▸ **EXERCISE GOAL**
Each line below must be reproduced exactly as it stands. Pictures stay out of the copy.

▸ **DATASET RECORDS**

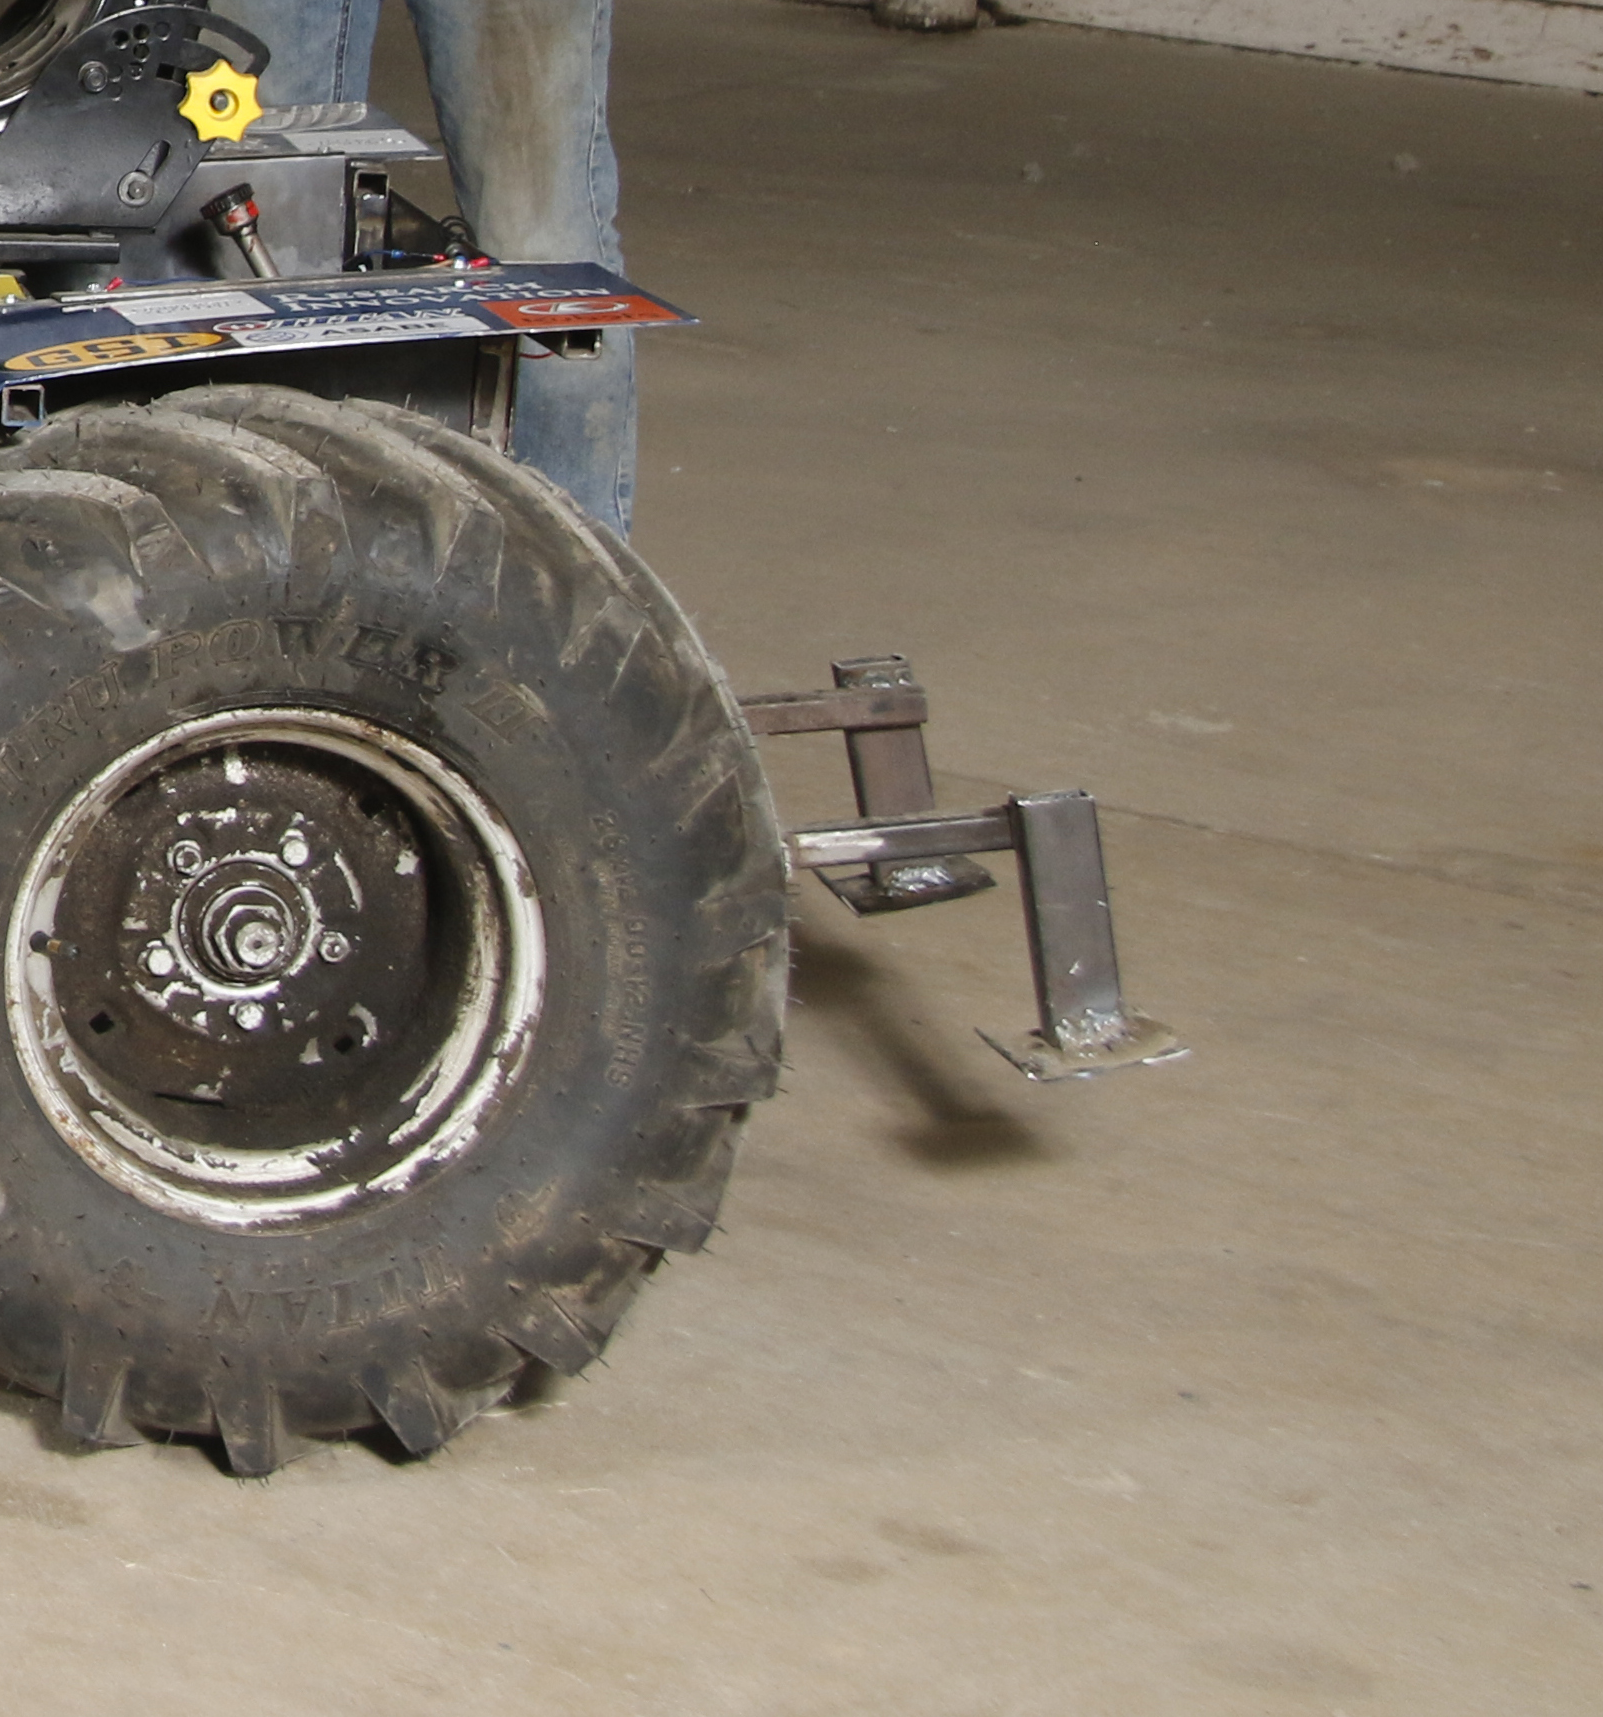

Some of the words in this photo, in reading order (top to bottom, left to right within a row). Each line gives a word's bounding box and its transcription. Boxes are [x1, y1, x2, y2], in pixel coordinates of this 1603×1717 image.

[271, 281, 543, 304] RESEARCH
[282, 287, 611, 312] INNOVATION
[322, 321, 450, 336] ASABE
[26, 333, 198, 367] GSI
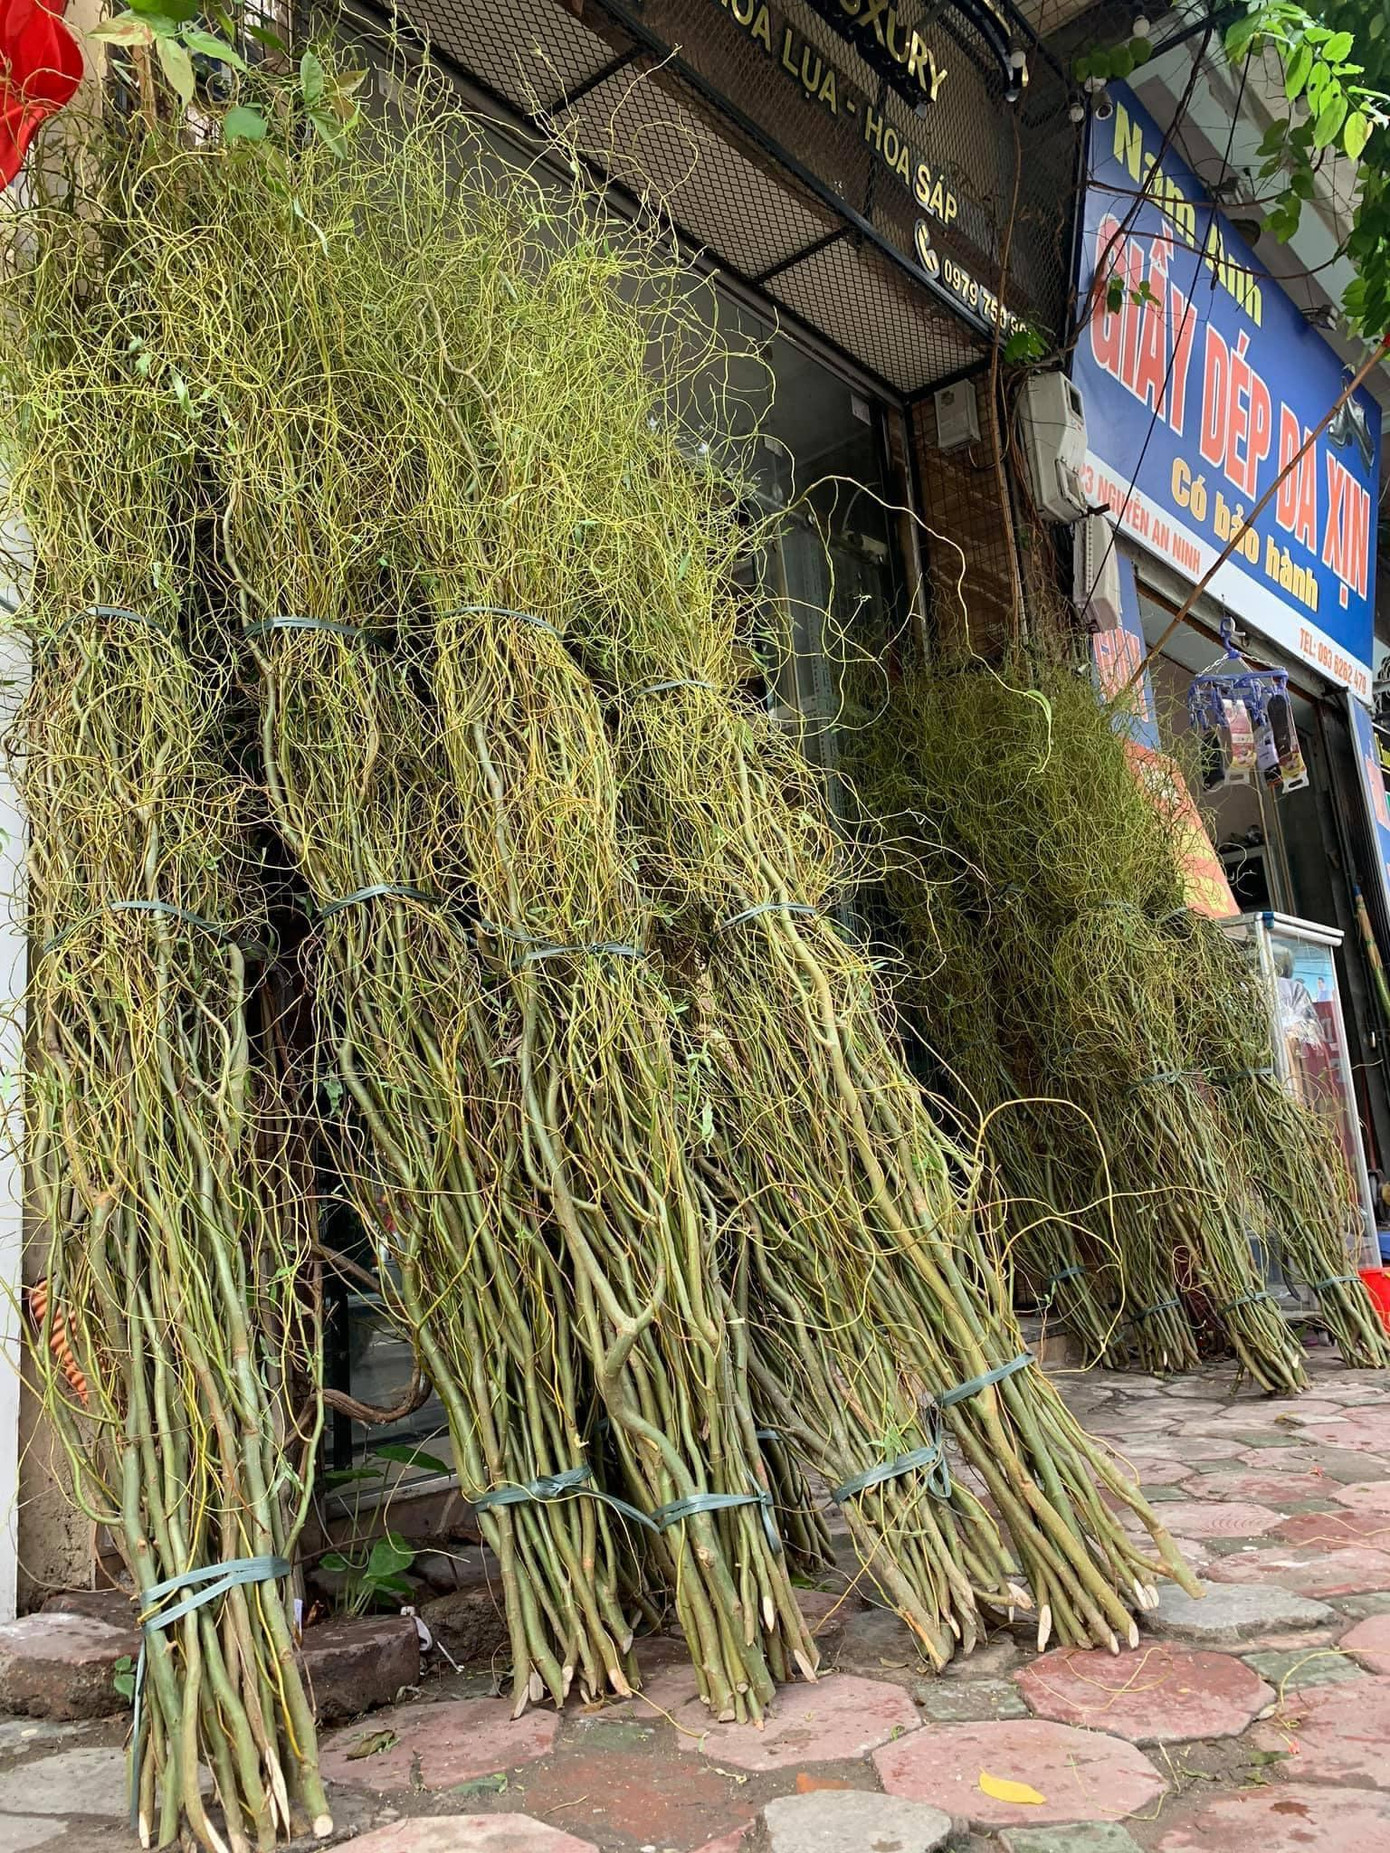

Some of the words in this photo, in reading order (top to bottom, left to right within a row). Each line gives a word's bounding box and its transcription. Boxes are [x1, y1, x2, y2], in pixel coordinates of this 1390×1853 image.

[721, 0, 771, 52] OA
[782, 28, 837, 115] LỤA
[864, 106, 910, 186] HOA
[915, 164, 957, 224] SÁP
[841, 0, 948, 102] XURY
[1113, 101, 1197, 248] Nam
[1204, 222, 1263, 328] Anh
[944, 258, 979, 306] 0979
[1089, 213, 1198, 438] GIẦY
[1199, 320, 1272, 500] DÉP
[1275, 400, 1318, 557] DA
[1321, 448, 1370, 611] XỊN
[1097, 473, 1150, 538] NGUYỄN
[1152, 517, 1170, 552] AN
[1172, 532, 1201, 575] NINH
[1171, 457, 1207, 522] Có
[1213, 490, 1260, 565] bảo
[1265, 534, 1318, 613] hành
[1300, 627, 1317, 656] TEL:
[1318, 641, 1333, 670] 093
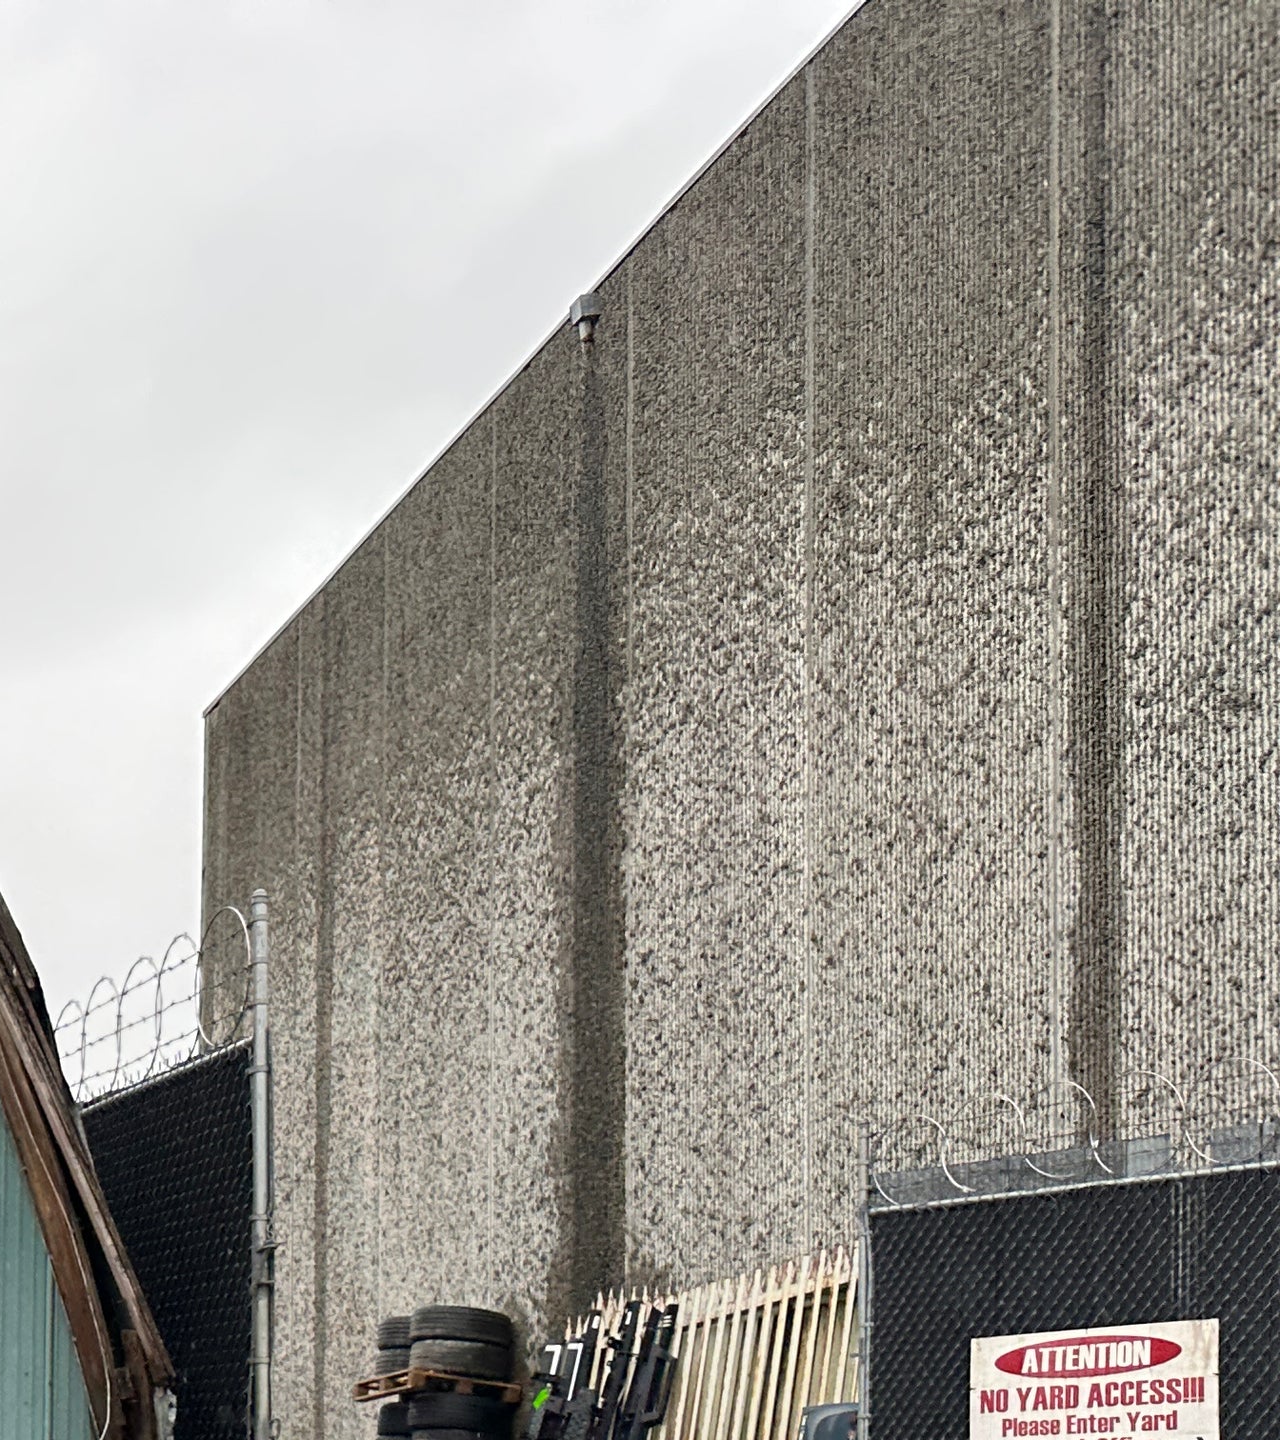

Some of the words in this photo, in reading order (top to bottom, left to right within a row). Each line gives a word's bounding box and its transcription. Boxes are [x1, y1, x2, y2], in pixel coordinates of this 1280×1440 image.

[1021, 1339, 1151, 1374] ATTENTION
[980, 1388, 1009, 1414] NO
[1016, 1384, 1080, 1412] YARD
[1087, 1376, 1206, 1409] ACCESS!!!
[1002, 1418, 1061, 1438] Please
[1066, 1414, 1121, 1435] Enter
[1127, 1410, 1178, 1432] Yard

▸ **COMPLETED TASK**
Some of the words in this photo, in reading order (top to bottom, left to right within a row). Each line gives a word's bounding box and its transcription. Boxes are [x1, y1, x2, y2], in pixel coordinates of this 1603×1717 image.

[271, 281, 543, 304] RESEARCH
[282, 287, 611, 312] INNOVATION
[322, 321, 450, 336] ASABE
[26, 333, 198, 367] GSI

Some of the words in this photo, in reading order (top to bottom, left to right within a row). Each line gives a word's bounding box and its transcription. Boxes are [x1, y1, x2, y2], in pixel coordinates of this 1390×1853 image.

[721, 0, 771, 52] OA
[782, 28, 837, 115] LỤA
[864, 106, 910, 186] HOA
[915, 164, 957, 224] SÁP
[841, 0, 948, 102] XURY
[1113, 101, 1197, 248] Nam
[1204, 222, 1263, 328] Anh
[944, 258, 979, 306] 0979
[1089, 213, 1198, 438] GIẦY
[1199, 320, 1272, 500] DÉP
[1275, 400, 1318, 557] DA
[1321, 448, 1370, 611] XỊN
[1097, 473, 1150, 538] NGUYỄN
[1152, 517, 1170, 552] AN
[1172, 532, 1201, 575] NINH
[1171, 457, 1207, 522] Có
[1213, 490, 1260, 565] bảo
[1265, 534, 1318, 613] hành
[1300, 627, 1317, 656] TEL:
[1318, 641, 1333, 670] 093

Some of the words in this photo, in reading order (top to bottom, left to right within a row). Each line gives a word's bounding box and its transcription. Boxes are [x1, y1, x2, y2], in pixel coordinates of this 1280×1440 image.

[1021, 1339, 1151, 1374] ATTENTION
[980, 1388, 1009, 1414] NO
[1016, 1384, 1080, 1412] YARD
[1087, 1376, 1206, 1409] ACCESS!!!
[1002, 1418, 1061, 1438] Please
[1066, 1414, 1121, 1435] Enter
[1127, 1410, 1178, 1432] Yard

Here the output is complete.